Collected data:
>>>

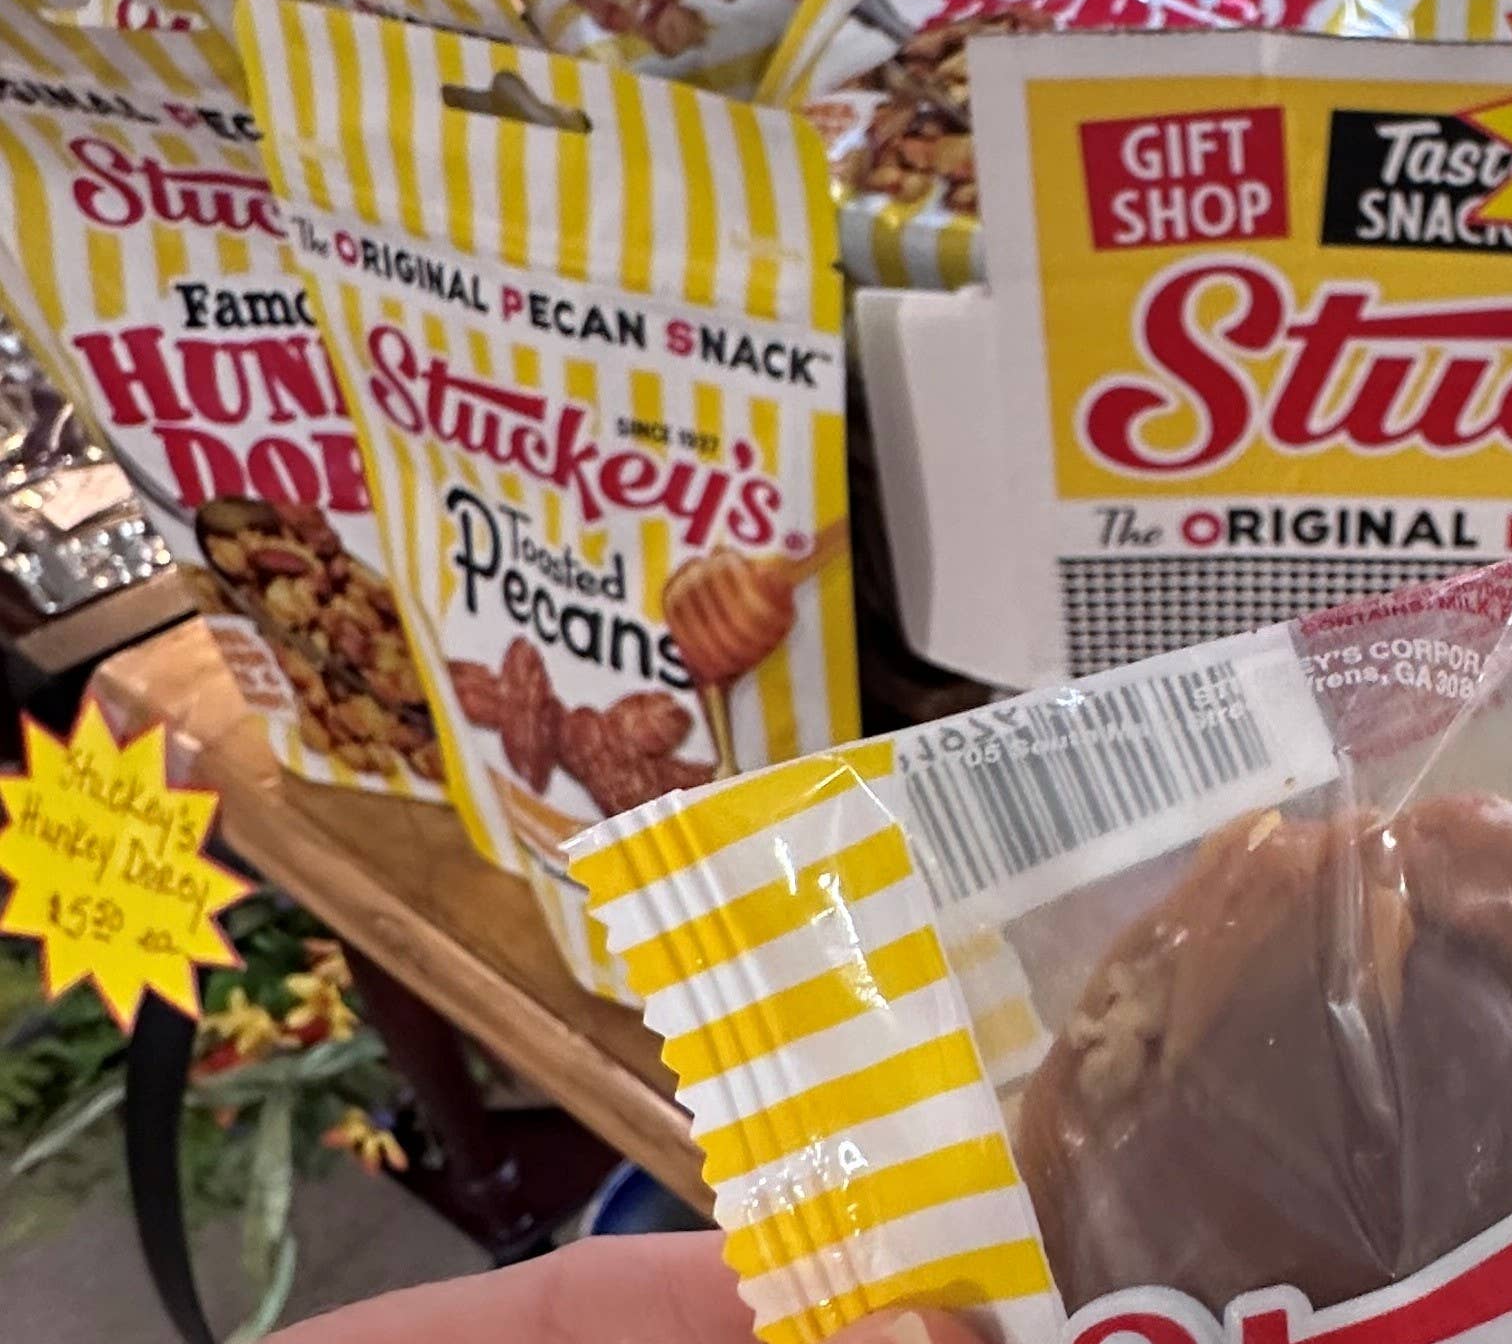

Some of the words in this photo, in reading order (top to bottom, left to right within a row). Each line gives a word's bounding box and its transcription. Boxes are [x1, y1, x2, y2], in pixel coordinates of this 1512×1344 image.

[70, 136, 288, 240] Stuc
[1120, 120, 1252, 180] GIFT
[1112, 183, 1271, 244] SHOP
[334, 230, 489, 314] ORIGINAL
[501, 285, 647, 350] PECAN
[664, 318, 818, 388] SNACK
[366, 324, 782, 552] Stuckey's
[500, 506, 626, 600] Toasted
[1099, 508, 1165, 549] The
[1182, 508, 1478, 550] ORIGINAL
[446, 486, 696, 690] Pecans
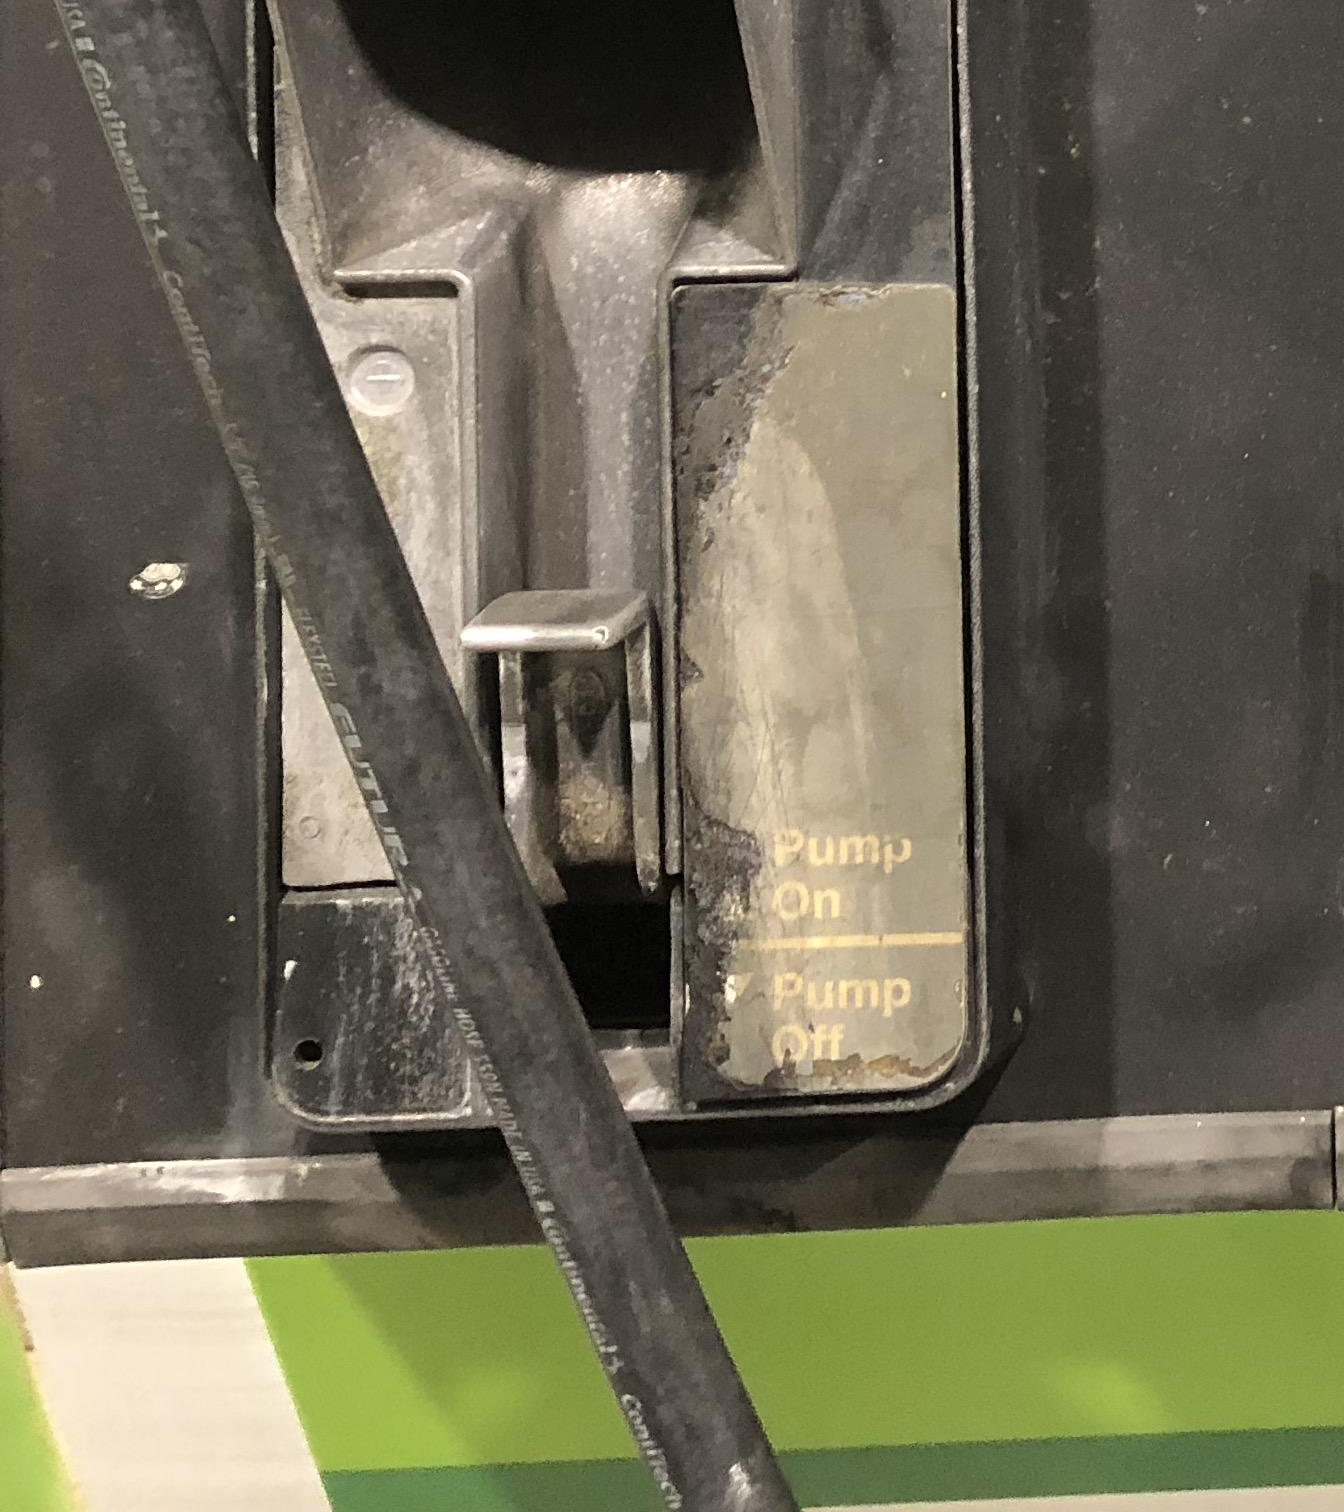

<<<

**Your assignment**
Write the entries above out in full, exactly, with no images.

**Answer box**
Some of the words in this photo, in reading order (top to bottom, left to right within a row). Each line gives a word's bounding box and its transcription. Boxes are [x1, y1, x2, y2], in pixel coordinates of this 1512×1344 image.

[70, 136, 288, 240] Stuc
[1120, 120, 1252, 180] GIFT
[1112, 183, 1271, 244] SHOP
[334, 230, 489, 314] ORIGINAL
[501, 285, 647, 350] PECAN
[664, 318, 818, 388] SNACK
[366, 324, 782, 552] Stuckey's
[500, 506, 626, 600] Toasted
[1099, 508, 1165, 549] The
[1182, 508, 1478, 550] ORIGINAL
[446, 486, 696, 690] Pecans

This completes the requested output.